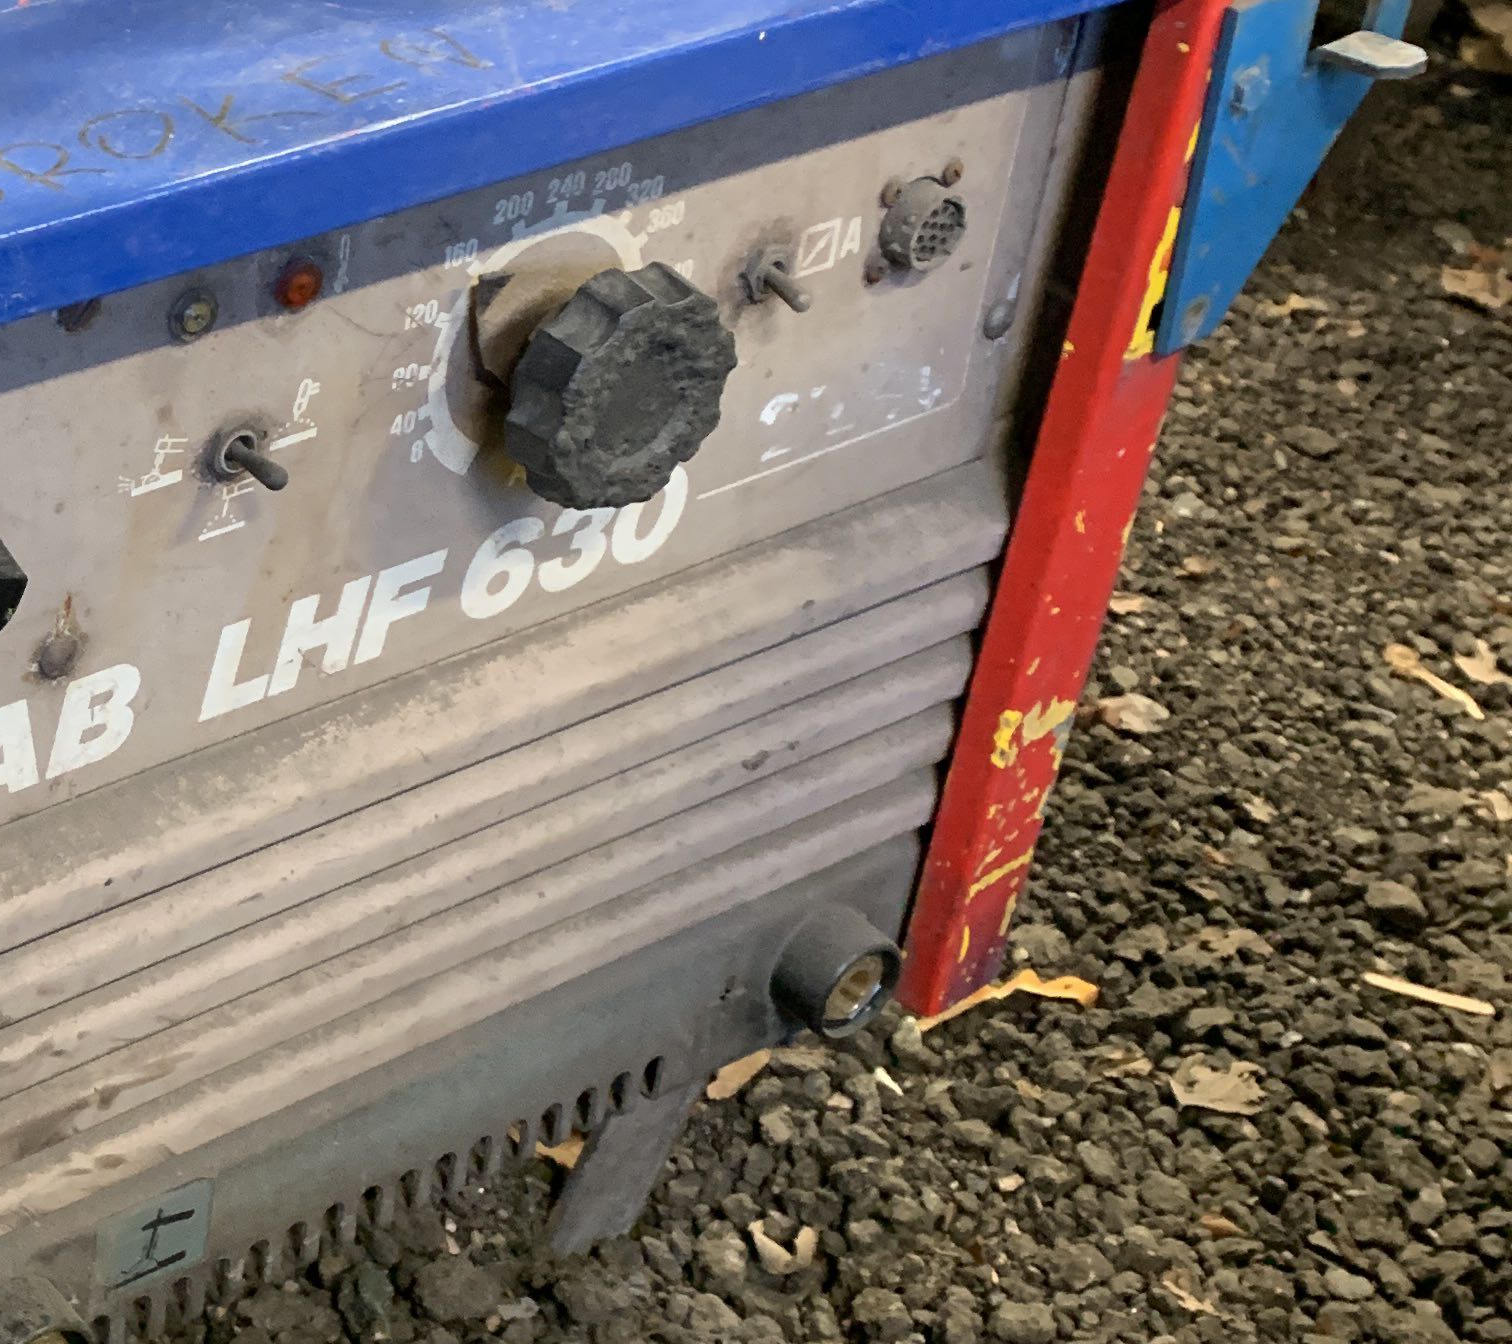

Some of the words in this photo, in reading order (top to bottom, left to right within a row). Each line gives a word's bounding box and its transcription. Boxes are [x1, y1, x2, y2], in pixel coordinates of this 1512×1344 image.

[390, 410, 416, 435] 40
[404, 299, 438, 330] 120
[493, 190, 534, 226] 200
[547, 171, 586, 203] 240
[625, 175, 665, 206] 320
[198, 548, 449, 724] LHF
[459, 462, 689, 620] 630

· · ·

§ What is needed: All of the lines above must be repeated without alteration, though the pictures are to be excluded.

§ Exercise response:
Some of the words in this photo, in reading order (top to bottom, left to right within a row). Each line gives a word's bounding box and its transcription. Boxes are [x1, y1, x2, y2], in pixel coordinates of this 1512×1344 image.

[390, 410, 416, 435] 40
[404, 299, 438, 330] 120
[493, 190, 534, 226] 200
[547, 171, 586, 203] 240
[625, 175, 665, 206] 320
[198, 548, 449, 724] LHF
[459, 462, 689, 620] 630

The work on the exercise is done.